Looking down on all her female peers, and most of her male ones too, Minako Hirano's height suggests she could have been an athlete. However, that she is always seen wearing a white lab coat makes it clear she is more comfortable by the bench in the laboratory than the one on the basketball court. Now at QBiC, she is continuing her research that earned her a Ph. D.

 

Before her graduate studies, Minako had actually left academia for a few years. After graduating from Nagoya University with a degree in biology, she moved to Kobe and spent most of that time working in a bio-engineering lab as a technician. “I didn't like that we were satisfied getting the system to work, even if we didn't know why it worked”.  She therefore looked at returning to school, contacting Prof.
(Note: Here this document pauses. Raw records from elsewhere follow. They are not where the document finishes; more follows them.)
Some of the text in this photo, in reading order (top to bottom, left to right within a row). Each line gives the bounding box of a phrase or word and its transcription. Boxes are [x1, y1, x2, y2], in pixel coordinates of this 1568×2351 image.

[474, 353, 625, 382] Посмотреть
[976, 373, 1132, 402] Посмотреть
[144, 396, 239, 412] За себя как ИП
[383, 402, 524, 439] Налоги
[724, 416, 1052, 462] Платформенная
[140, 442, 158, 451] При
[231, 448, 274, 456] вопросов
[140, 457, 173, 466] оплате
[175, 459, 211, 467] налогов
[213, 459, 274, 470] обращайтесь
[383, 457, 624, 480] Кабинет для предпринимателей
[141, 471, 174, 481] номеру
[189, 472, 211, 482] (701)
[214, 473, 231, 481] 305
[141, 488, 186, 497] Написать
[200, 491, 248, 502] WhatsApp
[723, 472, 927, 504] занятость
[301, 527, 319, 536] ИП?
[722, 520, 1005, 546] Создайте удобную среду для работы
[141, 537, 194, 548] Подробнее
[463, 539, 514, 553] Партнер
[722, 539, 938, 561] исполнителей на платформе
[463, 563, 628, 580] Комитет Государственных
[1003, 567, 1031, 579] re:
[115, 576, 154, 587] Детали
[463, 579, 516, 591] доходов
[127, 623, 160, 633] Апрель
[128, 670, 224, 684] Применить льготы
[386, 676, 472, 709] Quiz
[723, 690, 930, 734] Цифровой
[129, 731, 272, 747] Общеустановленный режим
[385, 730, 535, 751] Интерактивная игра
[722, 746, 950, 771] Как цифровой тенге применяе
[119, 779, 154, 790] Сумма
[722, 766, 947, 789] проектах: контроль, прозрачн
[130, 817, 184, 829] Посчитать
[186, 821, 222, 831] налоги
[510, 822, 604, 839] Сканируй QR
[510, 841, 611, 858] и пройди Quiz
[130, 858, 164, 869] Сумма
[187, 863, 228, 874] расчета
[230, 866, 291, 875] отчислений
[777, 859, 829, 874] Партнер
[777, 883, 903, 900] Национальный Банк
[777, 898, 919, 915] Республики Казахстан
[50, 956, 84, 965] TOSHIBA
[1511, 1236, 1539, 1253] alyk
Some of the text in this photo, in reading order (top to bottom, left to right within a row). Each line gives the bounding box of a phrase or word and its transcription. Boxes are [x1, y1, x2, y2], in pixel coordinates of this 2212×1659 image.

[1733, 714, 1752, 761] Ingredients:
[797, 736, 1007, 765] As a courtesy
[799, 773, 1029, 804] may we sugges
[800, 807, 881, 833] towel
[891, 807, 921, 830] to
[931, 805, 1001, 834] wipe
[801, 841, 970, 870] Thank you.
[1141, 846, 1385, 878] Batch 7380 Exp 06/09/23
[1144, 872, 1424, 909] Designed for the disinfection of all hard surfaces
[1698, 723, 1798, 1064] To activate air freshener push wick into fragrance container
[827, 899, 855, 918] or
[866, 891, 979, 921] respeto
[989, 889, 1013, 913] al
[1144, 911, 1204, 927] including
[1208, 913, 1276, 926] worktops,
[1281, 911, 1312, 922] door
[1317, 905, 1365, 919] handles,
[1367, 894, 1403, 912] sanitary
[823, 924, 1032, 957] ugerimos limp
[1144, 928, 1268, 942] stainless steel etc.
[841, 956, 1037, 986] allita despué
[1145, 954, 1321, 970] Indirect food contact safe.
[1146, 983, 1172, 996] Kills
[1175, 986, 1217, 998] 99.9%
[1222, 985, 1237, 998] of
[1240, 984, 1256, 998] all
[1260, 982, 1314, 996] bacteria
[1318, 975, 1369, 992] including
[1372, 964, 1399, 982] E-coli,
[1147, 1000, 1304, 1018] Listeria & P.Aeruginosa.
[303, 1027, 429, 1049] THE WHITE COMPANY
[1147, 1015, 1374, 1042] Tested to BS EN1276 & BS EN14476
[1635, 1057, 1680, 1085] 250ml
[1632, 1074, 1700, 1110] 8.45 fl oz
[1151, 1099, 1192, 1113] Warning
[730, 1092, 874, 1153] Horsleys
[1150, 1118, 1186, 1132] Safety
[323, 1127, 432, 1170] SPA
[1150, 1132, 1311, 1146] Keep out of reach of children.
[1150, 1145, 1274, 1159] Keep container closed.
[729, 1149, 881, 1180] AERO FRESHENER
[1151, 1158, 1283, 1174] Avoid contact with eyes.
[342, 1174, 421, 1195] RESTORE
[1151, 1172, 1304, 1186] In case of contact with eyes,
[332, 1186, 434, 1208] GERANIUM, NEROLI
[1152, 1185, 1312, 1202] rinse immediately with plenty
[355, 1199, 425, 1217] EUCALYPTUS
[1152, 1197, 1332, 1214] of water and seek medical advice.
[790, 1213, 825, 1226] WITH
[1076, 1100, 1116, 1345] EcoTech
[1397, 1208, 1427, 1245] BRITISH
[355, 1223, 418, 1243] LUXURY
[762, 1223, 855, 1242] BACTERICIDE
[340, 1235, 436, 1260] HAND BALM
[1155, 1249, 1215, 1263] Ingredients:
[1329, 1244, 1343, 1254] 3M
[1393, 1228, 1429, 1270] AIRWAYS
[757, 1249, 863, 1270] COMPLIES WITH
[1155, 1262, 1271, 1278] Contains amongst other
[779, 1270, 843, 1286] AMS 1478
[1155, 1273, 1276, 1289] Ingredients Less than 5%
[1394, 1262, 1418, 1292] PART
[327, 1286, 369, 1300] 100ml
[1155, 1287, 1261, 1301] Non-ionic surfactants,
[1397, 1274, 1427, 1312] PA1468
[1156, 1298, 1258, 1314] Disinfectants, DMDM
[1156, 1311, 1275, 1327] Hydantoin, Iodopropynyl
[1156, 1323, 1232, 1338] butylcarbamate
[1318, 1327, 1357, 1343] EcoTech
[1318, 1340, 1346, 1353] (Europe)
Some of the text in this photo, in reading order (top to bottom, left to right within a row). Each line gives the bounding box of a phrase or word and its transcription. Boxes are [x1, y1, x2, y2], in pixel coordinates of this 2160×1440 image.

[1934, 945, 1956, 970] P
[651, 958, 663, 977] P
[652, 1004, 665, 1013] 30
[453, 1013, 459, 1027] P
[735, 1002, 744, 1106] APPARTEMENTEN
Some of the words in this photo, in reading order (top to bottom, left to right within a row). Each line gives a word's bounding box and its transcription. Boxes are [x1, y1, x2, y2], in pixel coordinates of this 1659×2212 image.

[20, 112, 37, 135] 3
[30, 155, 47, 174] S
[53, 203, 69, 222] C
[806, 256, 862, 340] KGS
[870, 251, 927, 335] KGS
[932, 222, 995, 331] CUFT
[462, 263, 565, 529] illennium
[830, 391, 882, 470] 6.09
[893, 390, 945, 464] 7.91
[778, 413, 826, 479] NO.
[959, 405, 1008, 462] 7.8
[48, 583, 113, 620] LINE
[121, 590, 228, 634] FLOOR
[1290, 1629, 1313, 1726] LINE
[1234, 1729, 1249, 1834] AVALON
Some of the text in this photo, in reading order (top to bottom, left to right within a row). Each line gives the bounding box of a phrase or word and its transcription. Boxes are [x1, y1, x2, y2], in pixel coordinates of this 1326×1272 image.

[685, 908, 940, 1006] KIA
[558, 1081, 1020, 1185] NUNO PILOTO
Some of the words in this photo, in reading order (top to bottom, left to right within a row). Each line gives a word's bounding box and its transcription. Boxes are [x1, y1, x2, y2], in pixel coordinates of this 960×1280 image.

Yanagida at Osaka University. “I had an interest in the Yanagida group, but wanted to work with a small team, so I chose Prof. [Toru] Ide to look at the relationship between structural and function changes in ion channels”. Although Minako still officially works for Prof. Ide, he moved to the Graduate School for the Creation of New Photonics Industries in Shizuoka, near Tokyo, leaving her far more independent than the average post-doctorate. “I don't think I have more responsibility than normal, but I am definitely more free”. Prof. Ide does come to Osaka once a week for a regular lab meeting, but for everyday matters, Minako is her own boss.

 

The research itself combines electrophysiology with total internal reflection fluorescence microscopy (TIRFM) to observe changes in the transmembrane and cytosolic domains of single ion channels alternating between open and closed states. Minako explains, “When studying multiple ion channels, you can never be sure how many are actually open and how many are actually closed. This makes it difficult to analyse the relationship between structure and function. Studying single channels and observing the structure-function changes simultaneously, we can better identify the relationship”.

 

Minako's results provide some important insight on how channels open and close in response to changes in extracellular and intracellular properties like pH and membrane potential. “The channels we have studied have primarily been bacteria channels. What we need to do next is apply our system to human ion channels”. This, she hopes, will be an invaluable step in learning how to improve the probability of a drug entering a cell and thereby increase its therapeutic effectiveness.